Source material »
----------

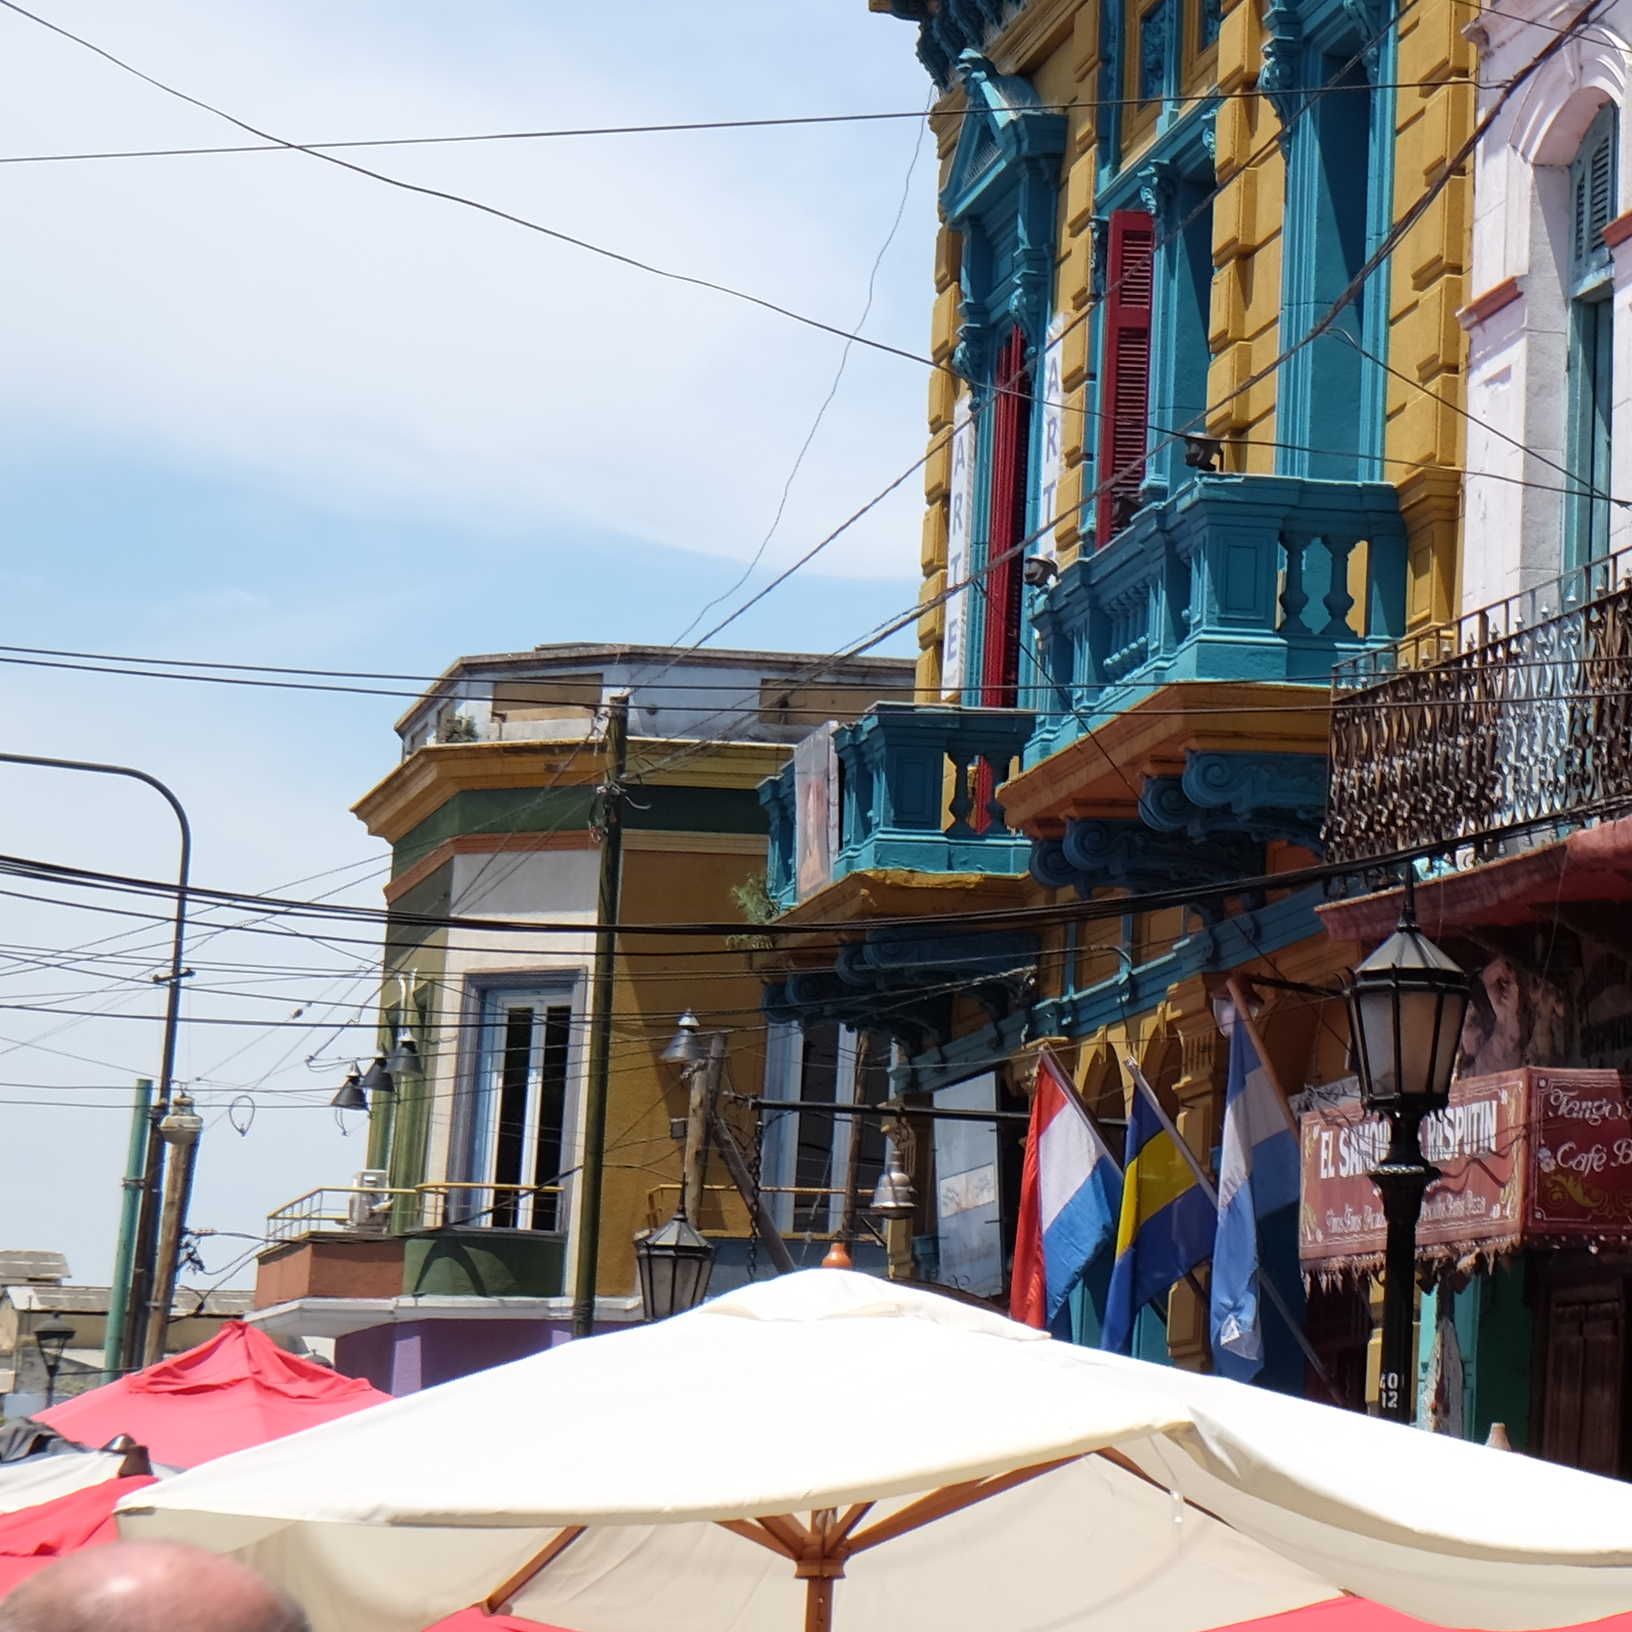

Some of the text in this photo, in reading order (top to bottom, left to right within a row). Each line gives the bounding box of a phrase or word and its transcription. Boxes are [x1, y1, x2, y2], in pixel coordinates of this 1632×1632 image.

[1043, 356, 1059, 558] ART
[947, 434, 966, 662] ARTE
[1320, 1130, 1336, 1179] EL
[1427, 1100, 1497, 1162] RASPUTIN
[1548, 1088, 1627, 1126] Tango
[1381, 1390, 1398, 1409] 12

----------

Directions for this task » Nothing but the records, restated word for word and stripped of images, belongs in the answer.

Solution »
Some of the text in this photo, in reading order (top to bottom, left to right within a row). Each line gives the bounding box of a phrase or word and its transcription. Boxes are [x1, y1, x2, y2], in pixel coordinates of this 1632×1632 image.

[1043, 356, 1059, 558] ART
[947, 434, 966, 662] ARTE
[1320, 1130, 1336, 1179] EL
[1427, 1100, 1497, 1162] RASPUTIN
[1548, 1088, 1627, 1126] Tango
[1381, 1390, 1398, 1409] 12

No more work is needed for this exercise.